А тут что за занятие? Зыбкое, непостоянное. Странный господин Извольский сегодня радуется клочку материи, завтра — тому, что нашёл в стене горшки, замурованные для звукового резонанса, и пустой тайник. Ладно бы! Но теперь он готов прыгать от радости, что в очередном особняке — котором уже из обследованных? пятом? нет, шестом — не оказалось ни особого зала, ни тайника. Что это означает? Что он ищет? Зачем? А самое плохое — что впереди — никакой ясности.
Поиски рано или поздно кончатся. Положим, особняков, в которые господина Извольского согласятся впустить для исследований их хозяева, арендаторы или агенты по сдаче внаём, в Москве ещё полно. Но комиссия по изучению старой Москвы, для которой старается Алексей Кондратьевич, преследует определённую цель, о которой Николаю ничего не ведомо. Сделав своё дело, господин хороший думать забудет о помощнике.
Осенью Николаю всё равно придётся искать постоянную работу…
— Тут всё. Идём во флигель.

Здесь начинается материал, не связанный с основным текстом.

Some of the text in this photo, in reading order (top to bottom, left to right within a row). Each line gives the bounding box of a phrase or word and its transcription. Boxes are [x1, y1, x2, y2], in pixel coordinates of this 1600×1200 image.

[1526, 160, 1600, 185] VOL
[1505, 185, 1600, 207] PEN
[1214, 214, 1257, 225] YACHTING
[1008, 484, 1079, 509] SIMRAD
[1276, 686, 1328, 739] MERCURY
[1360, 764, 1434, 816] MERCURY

Для очистки совести надо и его на всякий случай осмотреть, — бодро распорядился Алексей Кондратьевич.
— Что мы ищем-то? — осведомился Николай, не двинувшись с места и по-прежнему глядя в пол.
Господин Извольский опешил.
В сущности, Николай понимал, что злится несправедливо, и примирительно добавил:
— Обойные гвозди опять нужны? Чёрный штоф? Сказали бы, что ищем, я б тоже смотрел. Может, вы не заметите, а я найду.

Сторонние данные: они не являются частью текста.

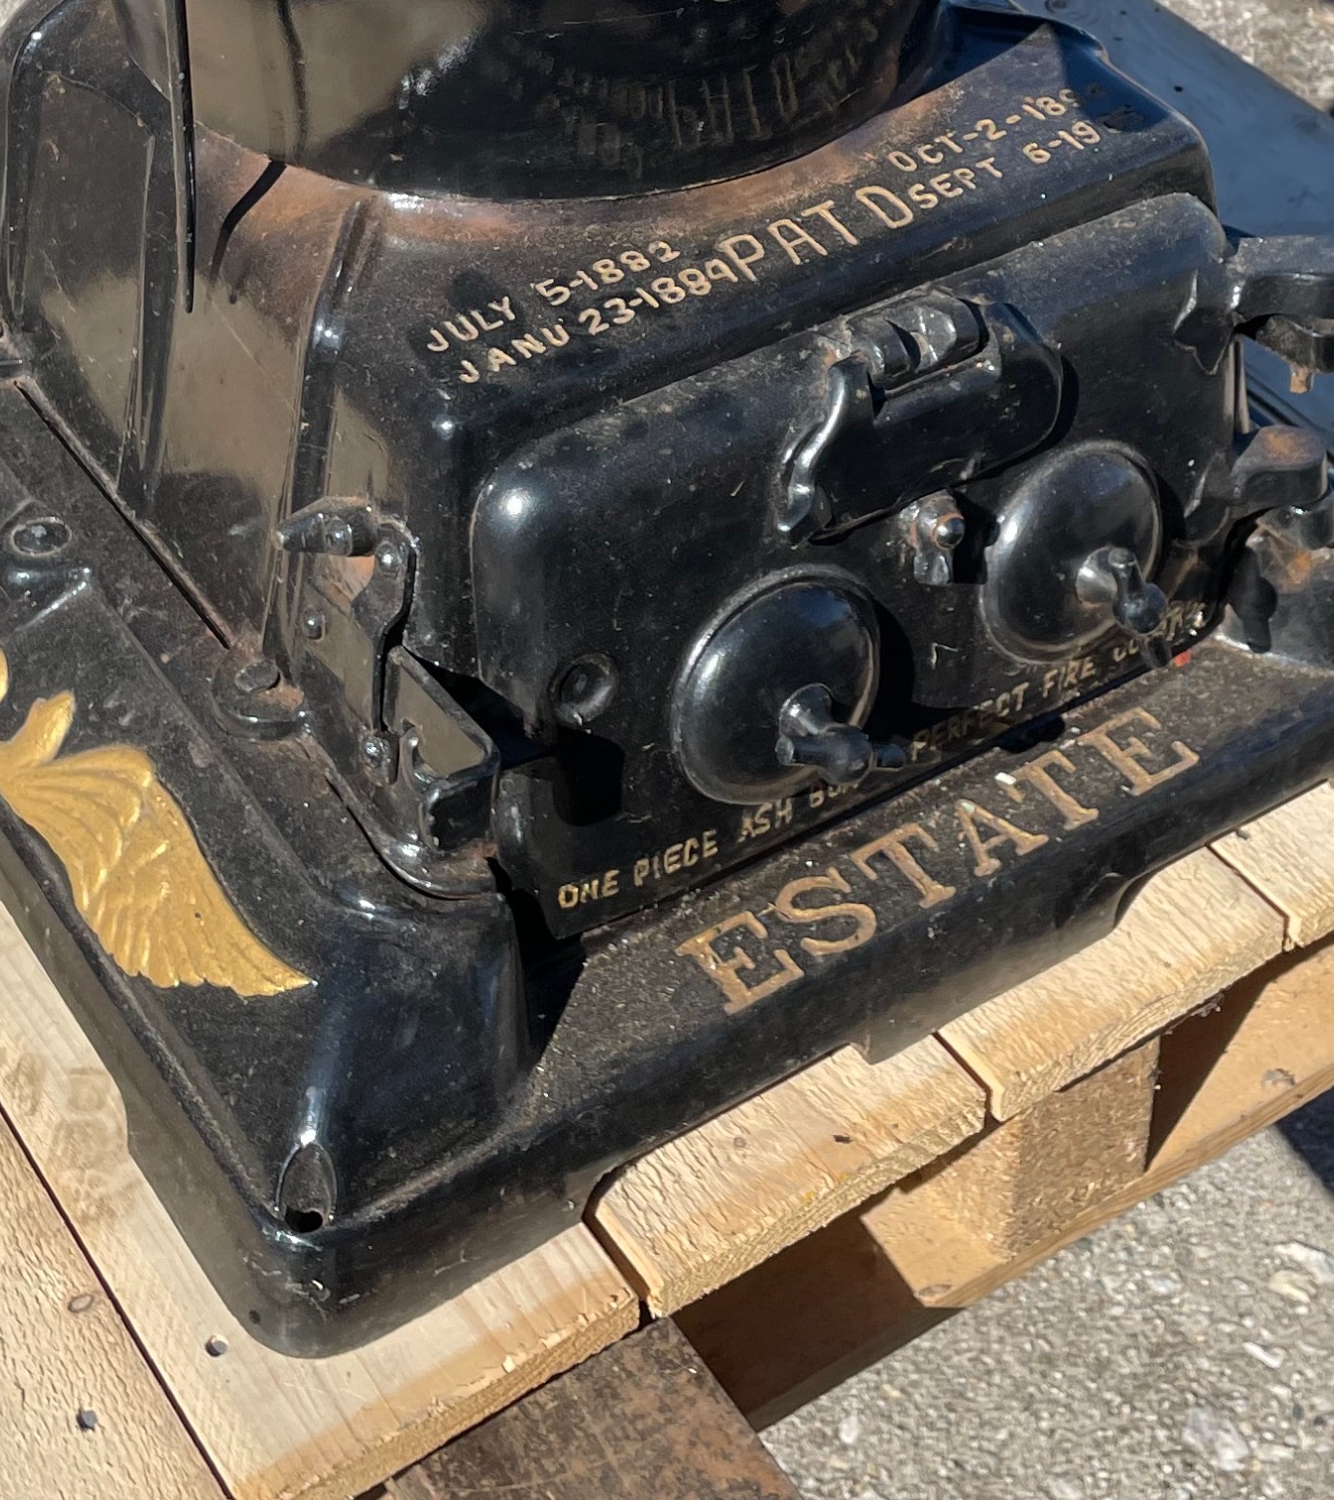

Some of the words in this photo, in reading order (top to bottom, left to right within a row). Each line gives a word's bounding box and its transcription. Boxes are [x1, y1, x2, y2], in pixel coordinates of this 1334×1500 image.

Алексей Кондратьевич почему-то ухмыльнулся, а потом и вовсе рассмеялся. И как это понимать?
Как внезапно развеселился, так же внезапно господин Извольский стал серьёзен.

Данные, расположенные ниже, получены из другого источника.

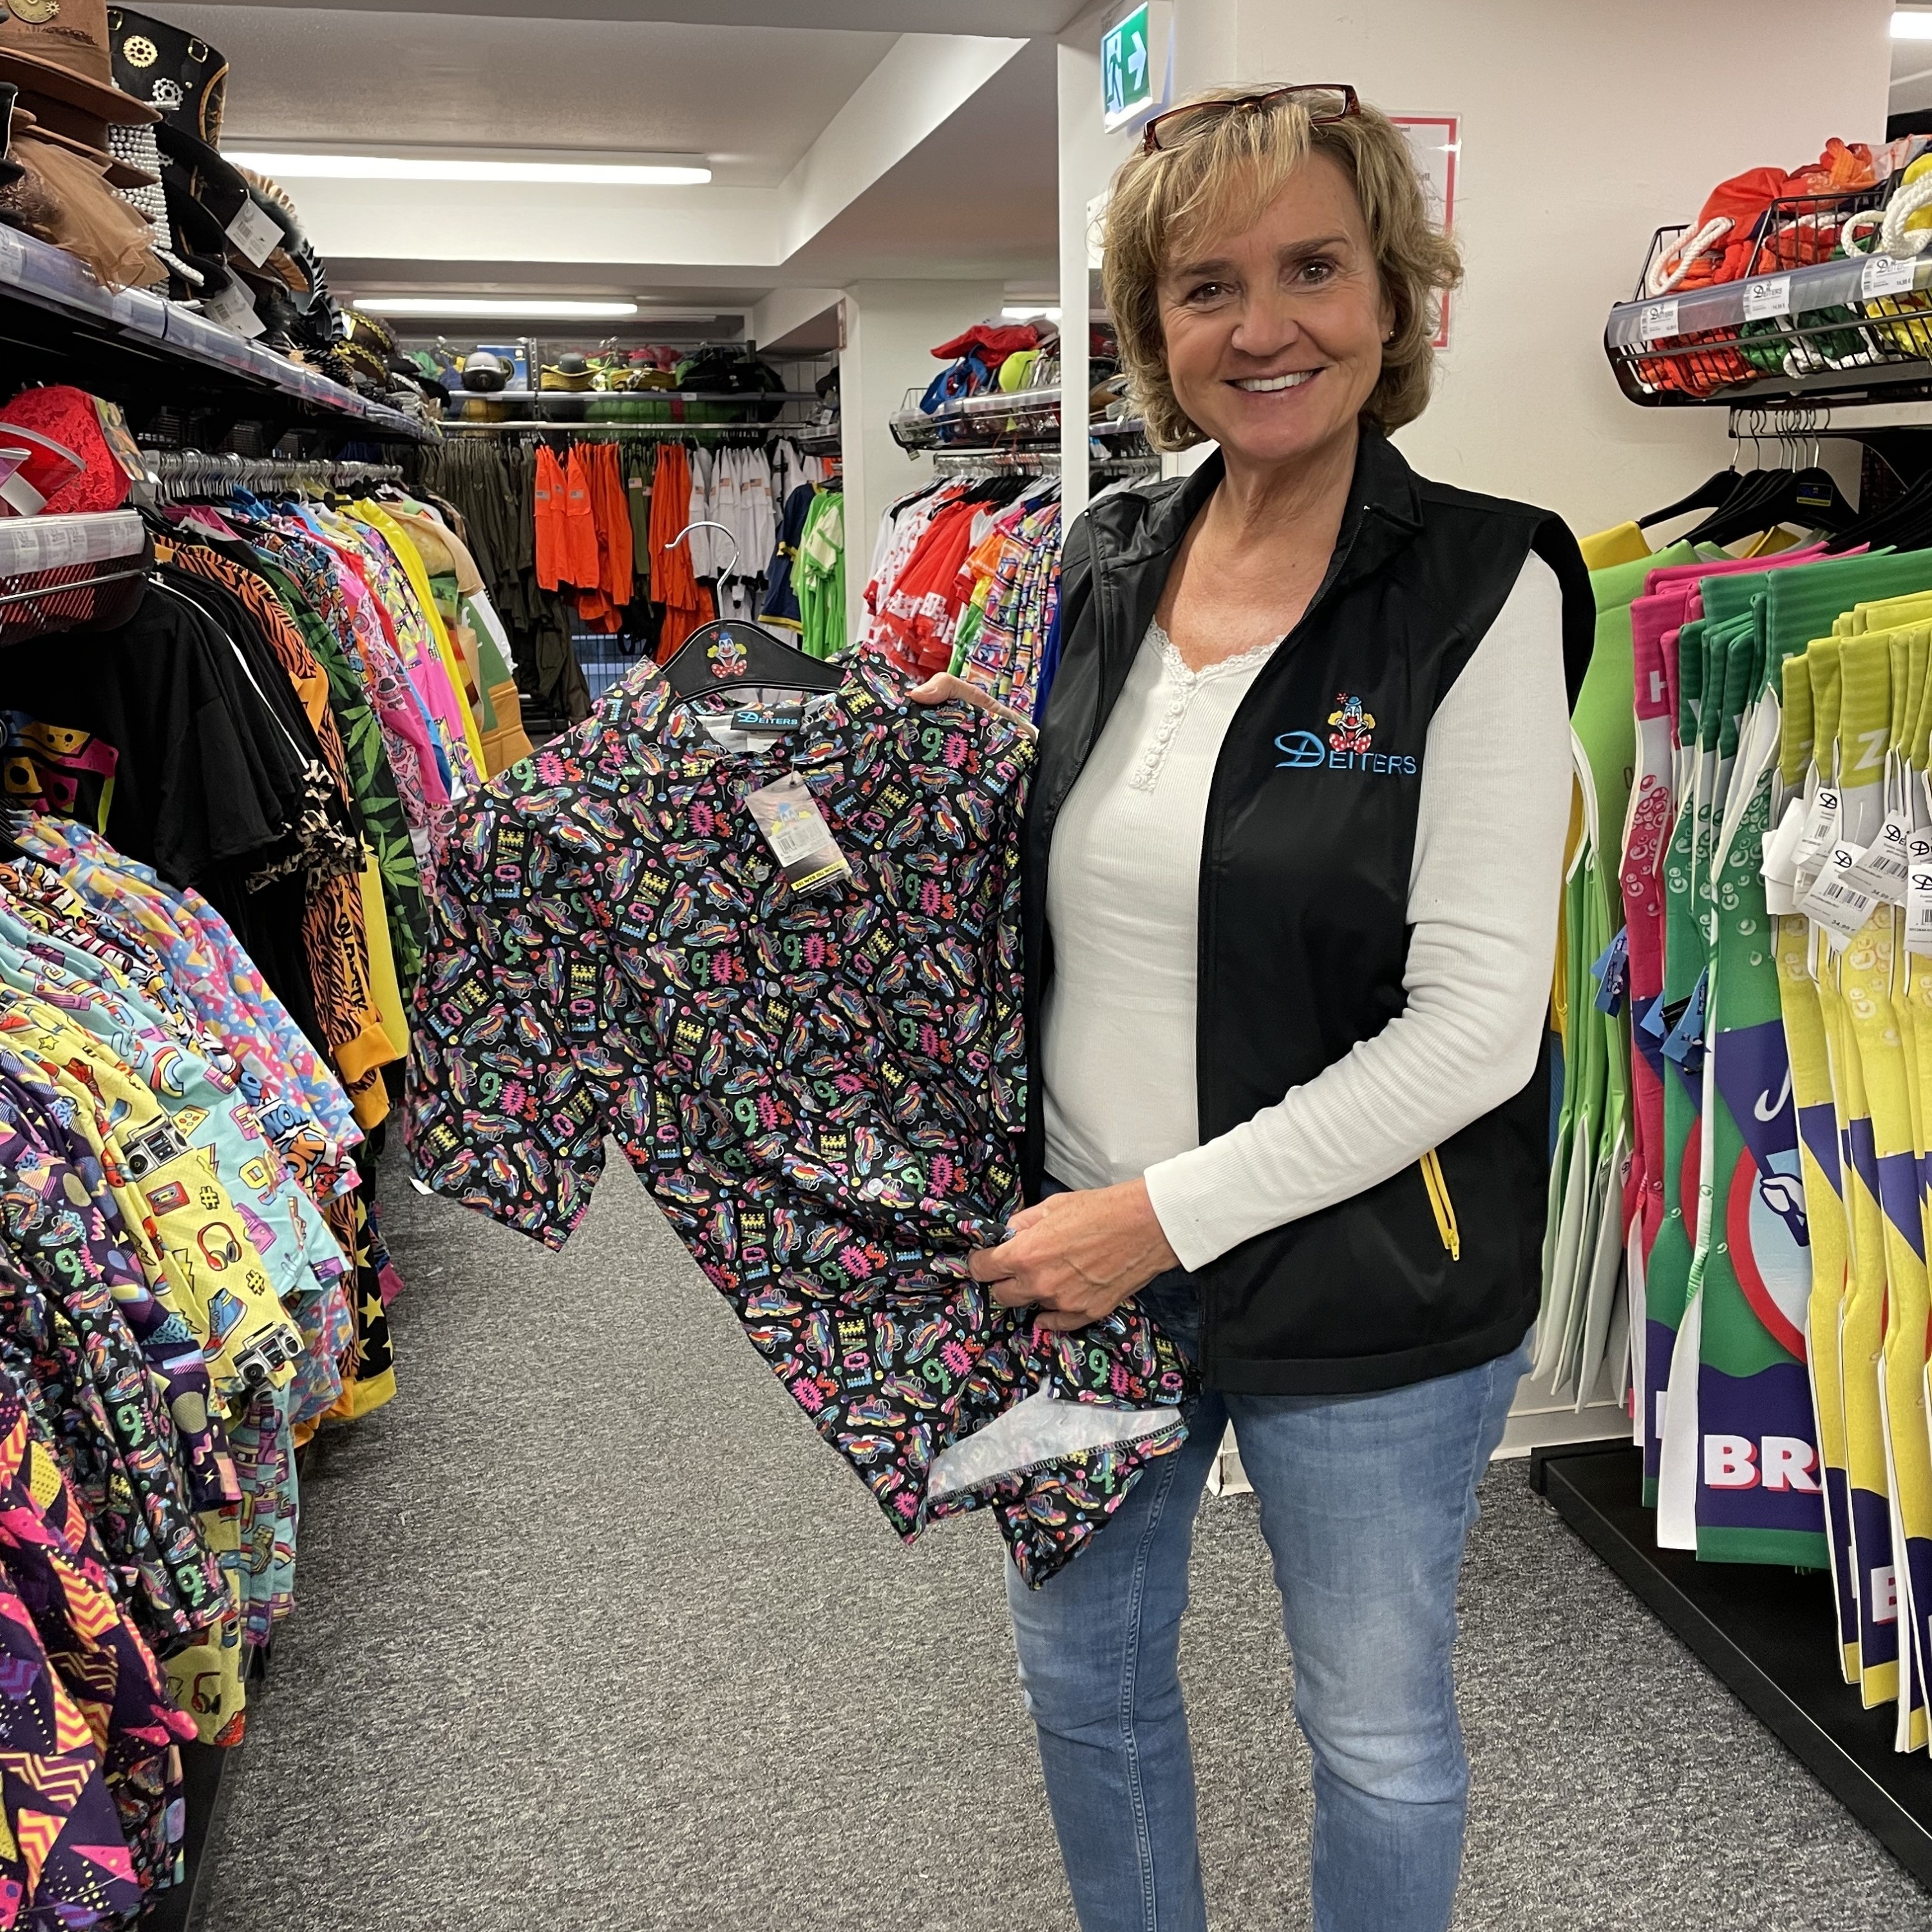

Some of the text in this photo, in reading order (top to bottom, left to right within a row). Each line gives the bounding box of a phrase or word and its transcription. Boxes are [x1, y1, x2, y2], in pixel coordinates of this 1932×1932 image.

[737, 712, 798, 725] DEITERS
[983, 738, 1037, 796] LOVE
[1274, 730, 1417, 774] DEITERS
[849, 784, 909, 846] LOVE
[495, 828, 525, 899] LOVE
[620, 871, 670, 940] LOVE
[845, 927, 895, 986] LOVE
[428, 978, 489, 1039] LOVE
[569, 964, 596, 1032] LOVE
[540, 1086, 594, 1150] LOVE
[656, 1091, 683, 1160] LOVE
[739, 1213, 772, 1280] LOVE
[838, 1318, 873, 1389] LOVE
[1155, 1337, 1184, 1405] LOVE
[1704, 1434, 1823, 1494] BR

— Ты прав. Пора рассказать тебе. Я и сам собирался. Не думай, тут нет никакой тайны. Есть секрет, но тебе я, пожалуй, могу его доверить.
Николай, хотя и обрадовался, что скоро его посвятят в смысл изысканий, промолчал. Если Алексей Кондратьевич потребует, он даст слово сохранить услышанное в секрете. Однако к чему навязываться с обещаниями, пока никто их не испрашивает?
— Мы сейчас закончим здесь, — продолжил господин Извольский, — а после пойдём поедим где-нибудь и поговорим.
— Сюда я обычно хожу обедать, когда бываю в Кремле по делам службы. Далековато. До дому ещё дальше, но можно бы успевать, а для чего? Бывал здесь?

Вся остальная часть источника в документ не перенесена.